__EXERCISE GOAL__
Type the data below again exactly. Omit all pictures.

[Collected data]
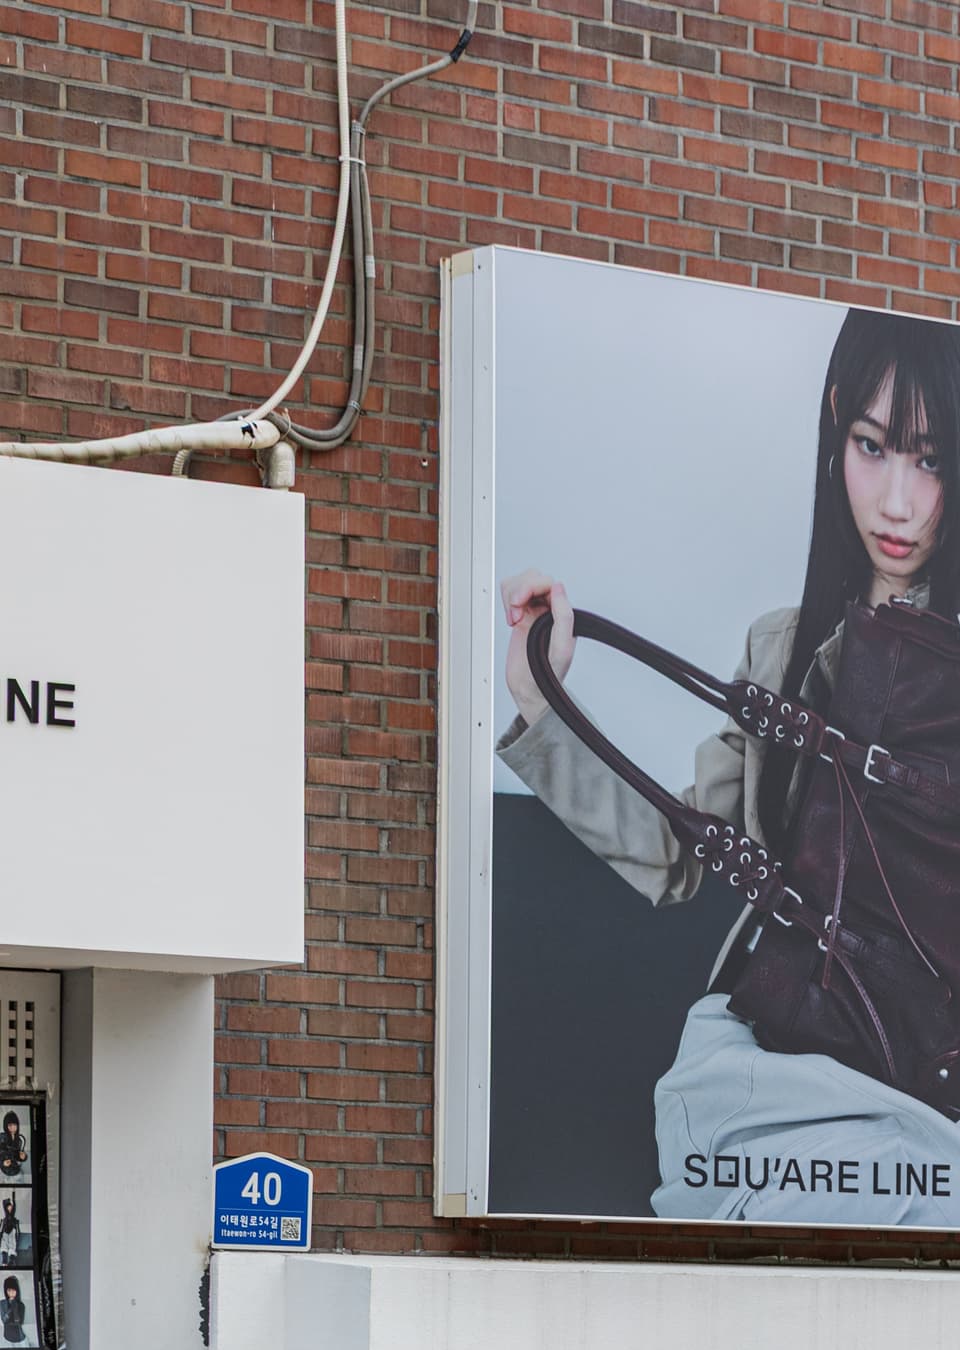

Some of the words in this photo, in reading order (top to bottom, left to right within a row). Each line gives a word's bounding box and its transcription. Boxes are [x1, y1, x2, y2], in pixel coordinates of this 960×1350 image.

[241, 1171, 282, 1206] 40
[872, 1161, 951, 1197] LINE
[220, 1215, 278, 1230] 이태원로54길
[221, 1229, 257, 1238] Itaewon-ro
[258, 1231, 278, 1240] 54-gil
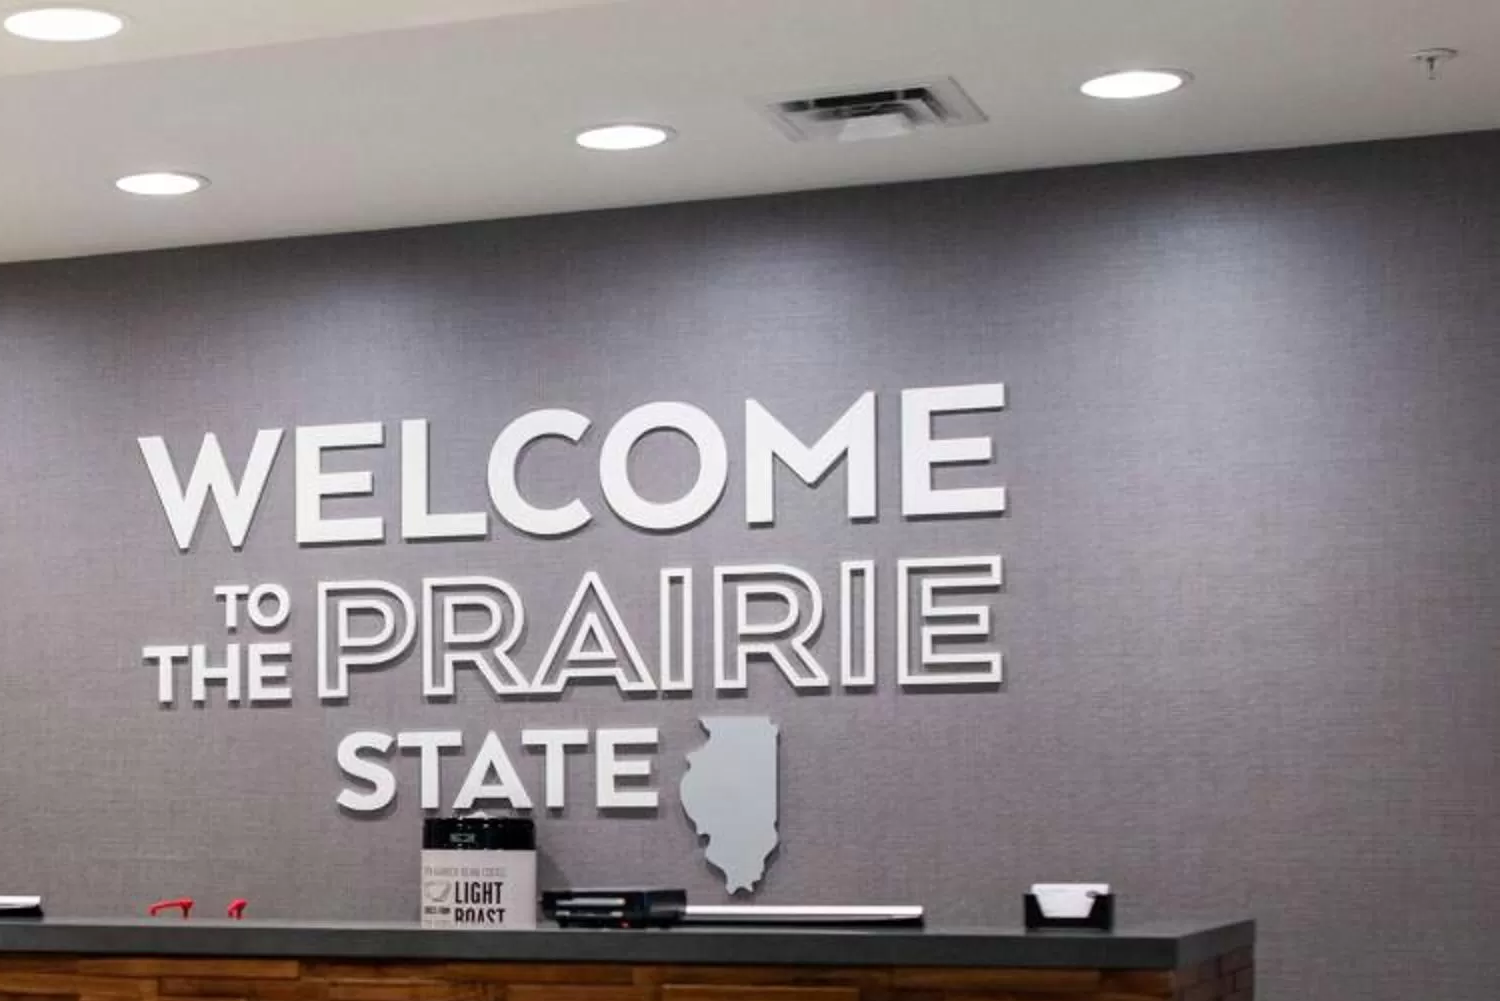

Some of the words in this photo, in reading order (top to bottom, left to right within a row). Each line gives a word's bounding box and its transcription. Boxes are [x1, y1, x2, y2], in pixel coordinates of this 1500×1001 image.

[137, 382, 1006, 551] WELCOME
[142, 642, 293, 703] THE
[316, 554, 1004, 701] PRAIRIE
[213, 582, 292, 629] TO
[335, 727, 660, 812] STATE
[455, 881, 504, 905] LIGHT

__WRITTEN ANSWER__
Some of the words in this photo, in reading order (top to bottom, left to right within a row). Each line gives a word's bounding box and its transcription. Boxes are [x1, y1, x2, y2], in pixel coordinates of this 960×1350 image.

[241, 1171, 282, 1206] 40
[872, 1161, 951, 1197] LINE
[220, 1215, 278, 1230] 이태원로54길
[221, 1229, 257, 1238] Itaewon-ro
[258, 1231, 278, 1240] 54-gil

Some of the words in this photo, in reading order (top to bottom, left to right within a row). Each line gives a word's bounding box and its transcription. Boxes are [x1, y1, x2, y2], in pixel coordinates of this 1500×1001 image.

[137, 382, 1006, 551] WELCOME
[142, 642, 293, 703] THE
[316, 554, 1004, 701] PRAIRIE
[213, 582, 292, 629] TO
[335, 727, 660, 812] STATE
[455, 881, 504, 905] LIGHT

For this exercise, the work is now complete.